Filtering systems are a fact of life, and like web filters, junk mail filters are not perfect. The more effective they are at blocking junk e-mail, the more likely they are to accidentally block good e-mail. Security comes at a cost of convenience and usability. And this is one of the disadvantages of spam filters.

Anonymous Howard says:

Re: Re: I Feel Their Pain

Maybe before judging him and assuming the worst you might look at the time stamp. 12:30 PM. MAYBE he was on lunch break. Maybe not, I don’t know what time zone he posted from. Maybe he uses Techdirt to keep on top of the situation so his school distrcit is aware of these problems. Maybe (more likely Probably) you’re just an arse!

mthorn says:

Re: I Feel Their Pain

Each recipient doesn’t get 60,000 messages a day. The recipient should be responsible for determining if a message is good or not. This drastically reduces the amount of messages that need to be checked per user. It’s not the IT departments job to determine the validity of an email, they don’t know what the message is about, nor should they.

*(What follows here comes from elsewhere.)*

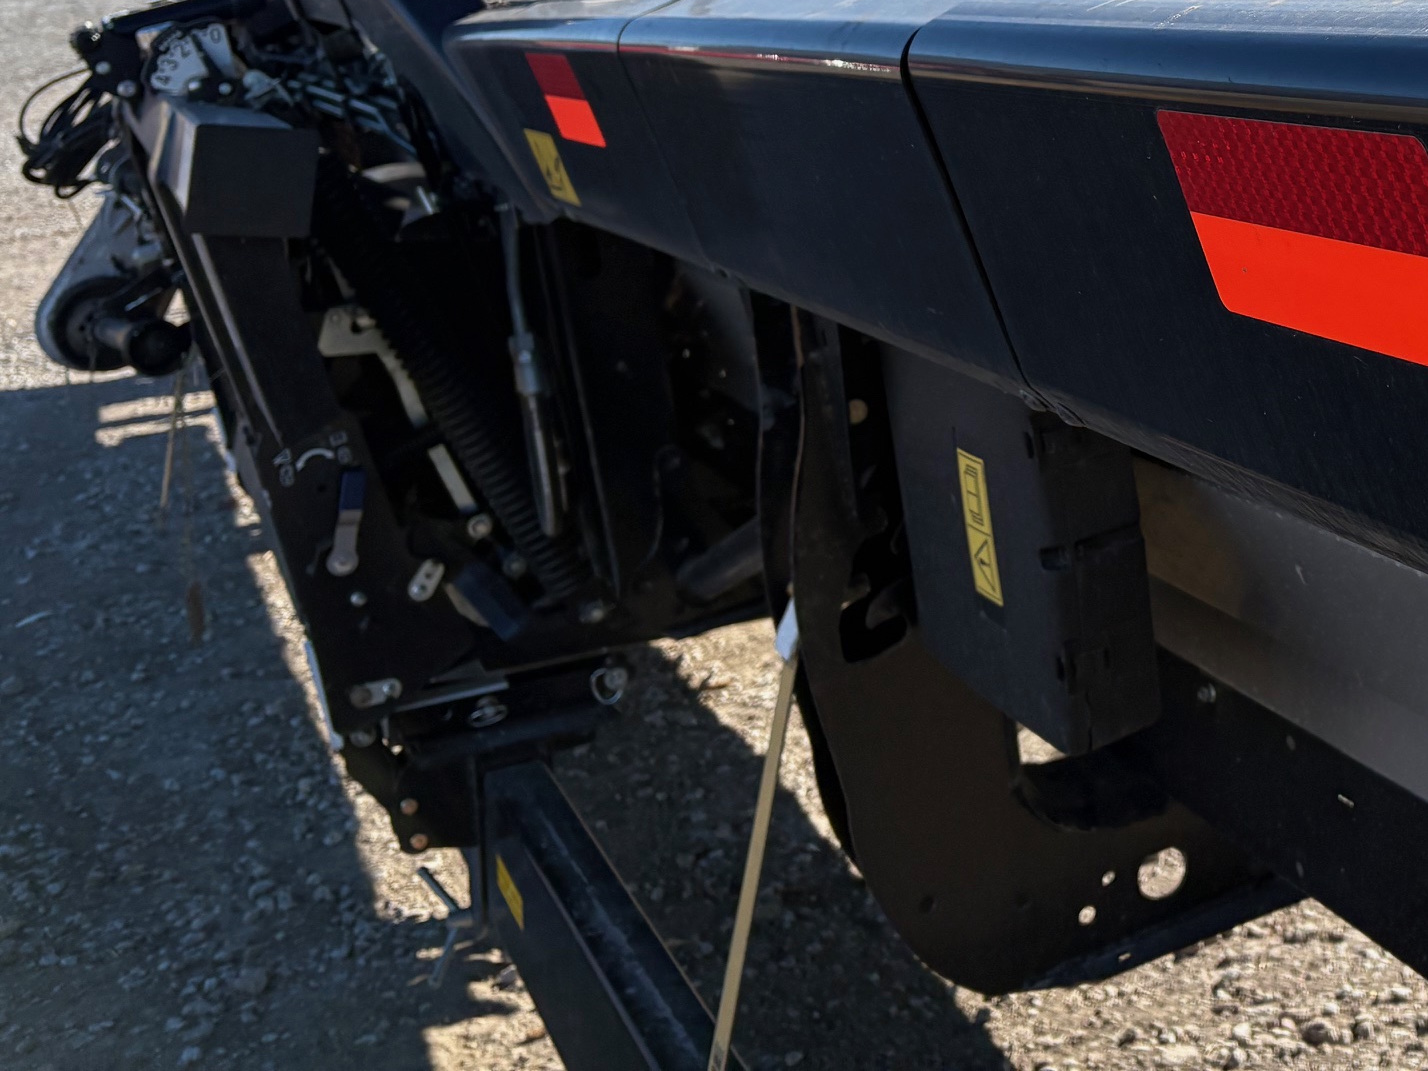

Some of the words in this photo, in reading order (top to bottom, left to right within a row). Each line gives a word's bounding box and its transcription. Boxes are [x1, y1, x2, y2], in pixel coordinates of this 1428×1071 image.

[160, 58, 179, 71] 3
[173, 42, 191, 59] 2
[210, 28, 222, 44] 0

Spam filters can also determine if it is most likely spam, or definitly spam. The definites (the majority of spam) do not need to be searched by a user unless they can’t find the message they are expecting in their inbox.

Reguardless of the amount of spam or how it is determined to be spam, the recipient should have a way to find it, most conveintly on a web interface. It should not be up to the IT department to trash messages they think is spam.

I worked on a system that had hundreds of thousands of junk email a day, each one archived. This archived came in handy many times when messages were inappropriatly blocked. This became and invaluable tool for use to determine why it was falsely blocked and how to prevent it again.

If your answer is “we have so much spam our only choice is to delete it”, then you are using the wrong software, or you don’t have the staff qualified to answer the question correctly.

Anonymous Coward says:

Yet another example of the judicial system gone awry.

The public and the law is so highly against SPAM and malicious activity that if we do not implement protection we could be held very accountable if who knows what could happen, especially in an educational institution, yet, when these same tools block a single email that institution is fined for doing what it has to do.

No one can be held accountable for using SPAM filters. Period. End of story. If you are relying so heavily on e-mail then you have absolutely no grasp of reality and definately don’t deserve your job.